__Exercise details__. Retype the data below exactly; skip every image.

(Collected data)

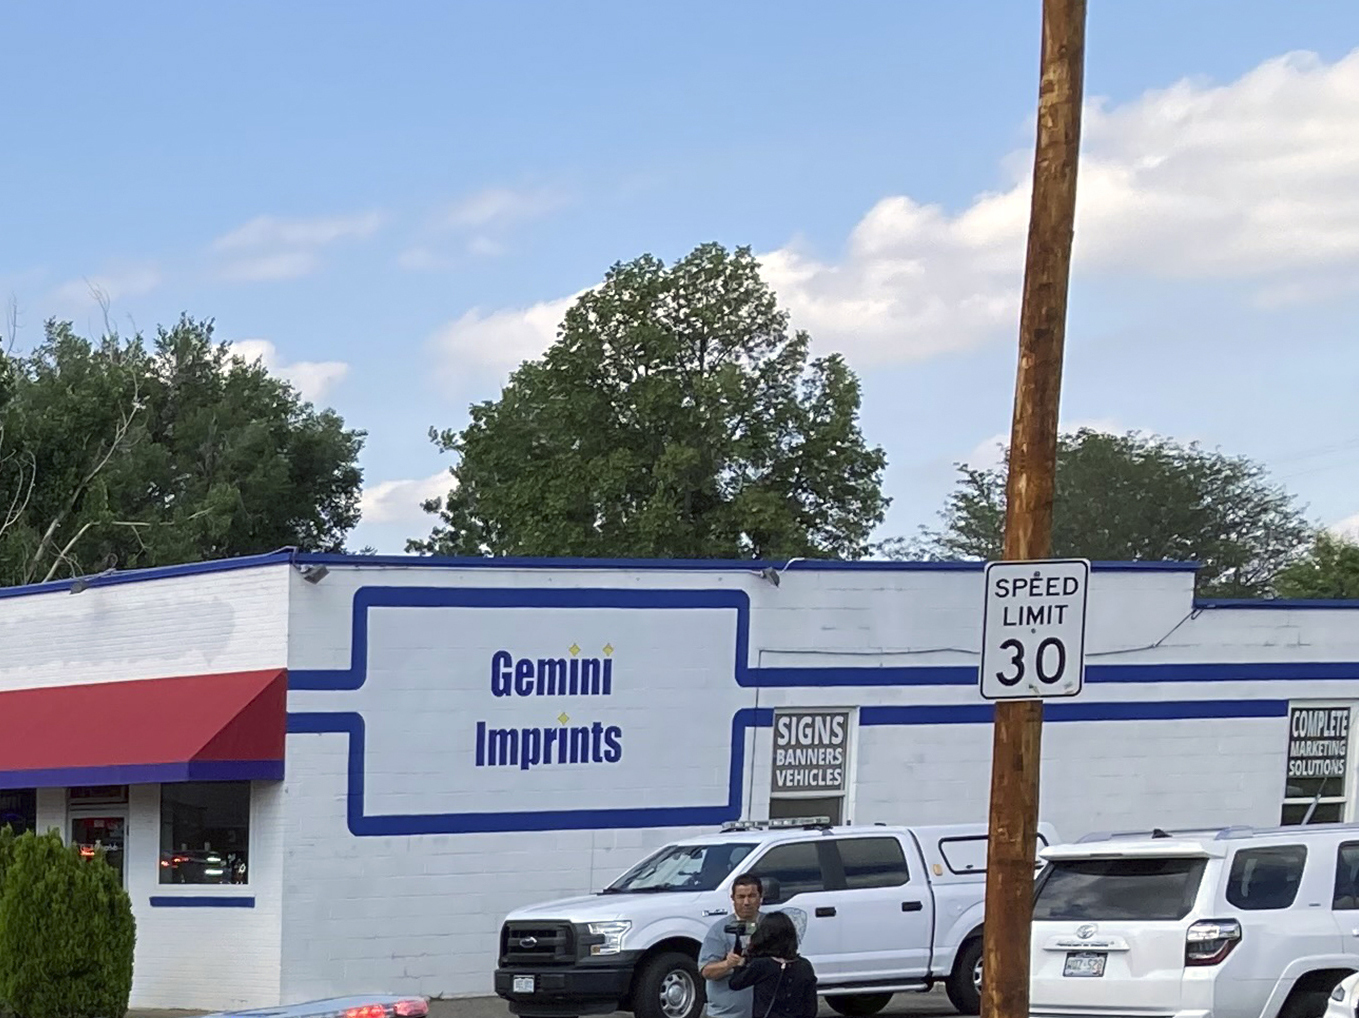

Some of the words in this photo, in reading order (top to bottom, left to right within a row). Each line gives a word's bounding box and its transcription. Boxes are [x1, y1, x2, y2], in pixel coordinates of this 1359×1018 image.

[995, 576, 1078, 598] SPEED
[1003, 604, 1068, 626] LIMIT
[491, 643, 614, 697] Gemini
[996, 637, 1066, 686] 30
[777, 715, 844, 746] SIGNS
[1292, 709, 1348, 737] COMPLETE
[475, 712, 623, 770] Imprints
[1290, 740, 1346, 757] MARKETING
[776, 747, 843, 766] BANNERS
[1288, 759, 1344, 776] SOLUTIONS
[775, 768, 842, 787] VEHICLES
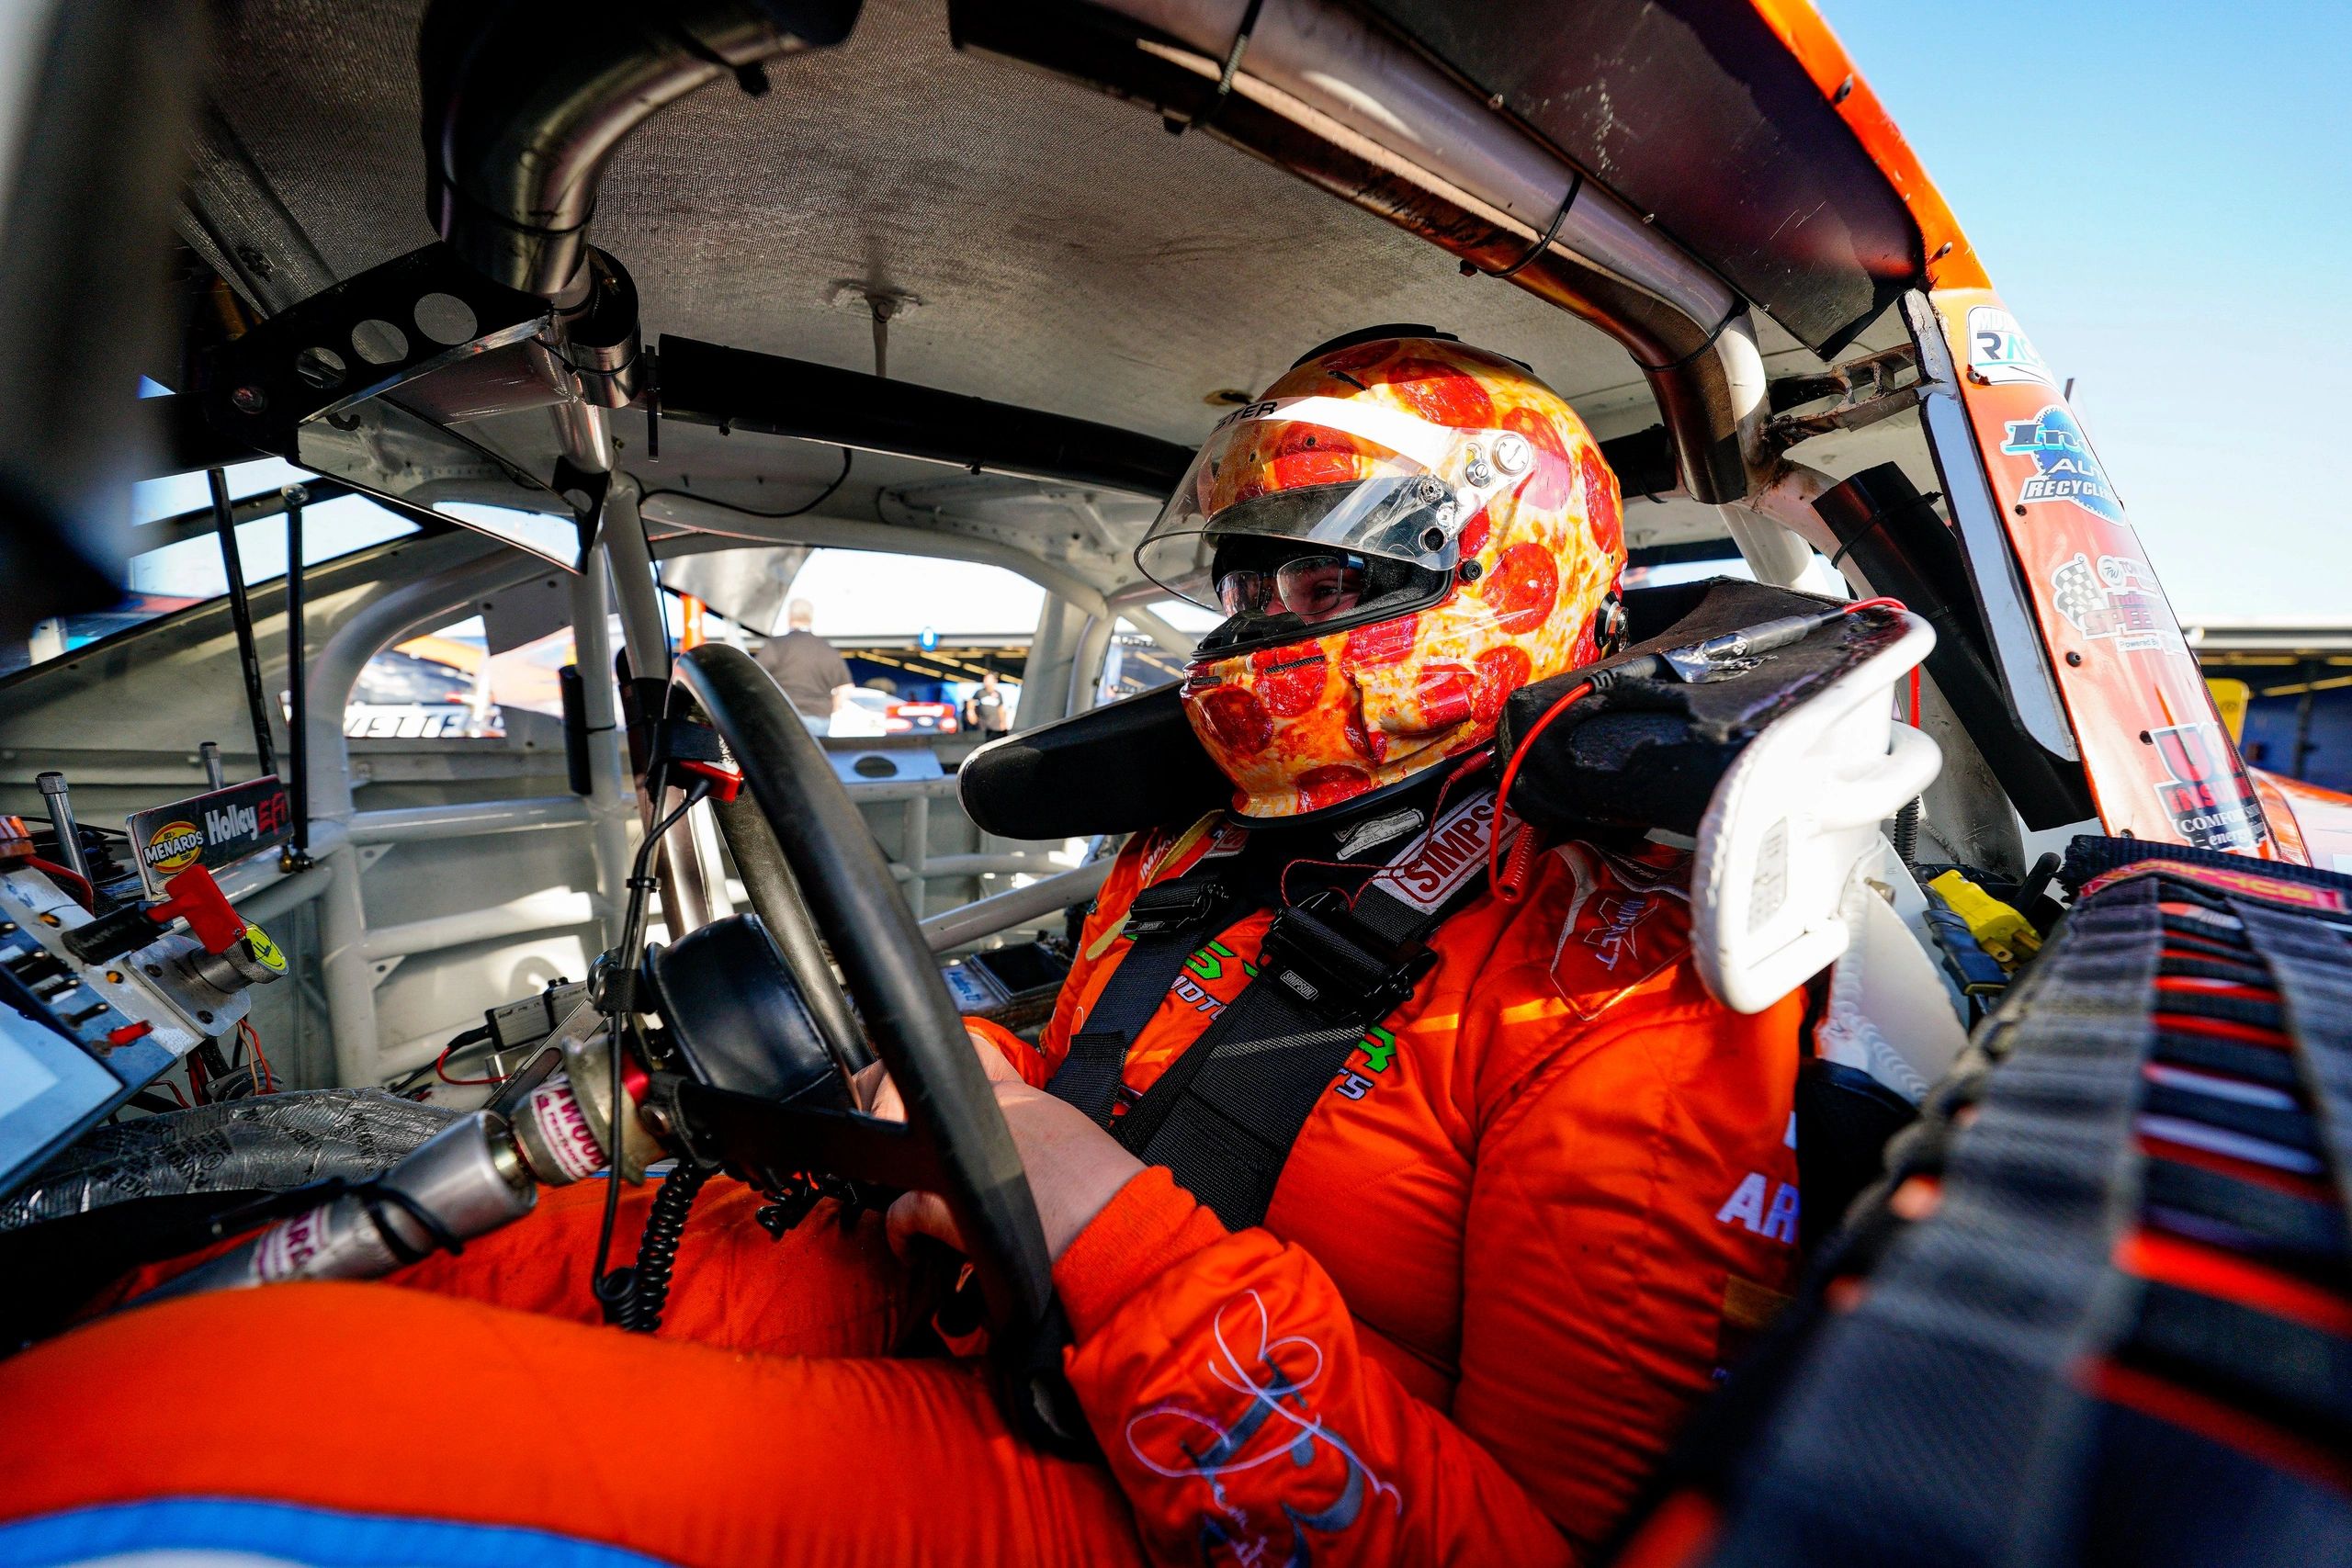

__Answer box__.
Some of the words in this photo, in reading order (top to bottom, left to right within a row). Each line gives a word's bounding box and its transcription. Boxes are [x1, y1, x2, y2], in pixel coordinates of this 1359×1018 image.

[995, 576, 1078, 598] SPEED
[1003, 604, 1068, 626] LIMIT
[491, 643, 614, 697] Gemini
[996, 637, 1066, 686] 30
[777, 715, 844, 746] SIGNS
[1292, 709, 1348, 737] COMPLETE
[475, 712, 623, 770] Imprints
[1290, 740, 1346, 757] MARKETING
[776, 747, 843, 766] BANNERS
[1288, 759, 1344, 776] SOLUTIONS
[775, 768, 842, 787] VEHICLES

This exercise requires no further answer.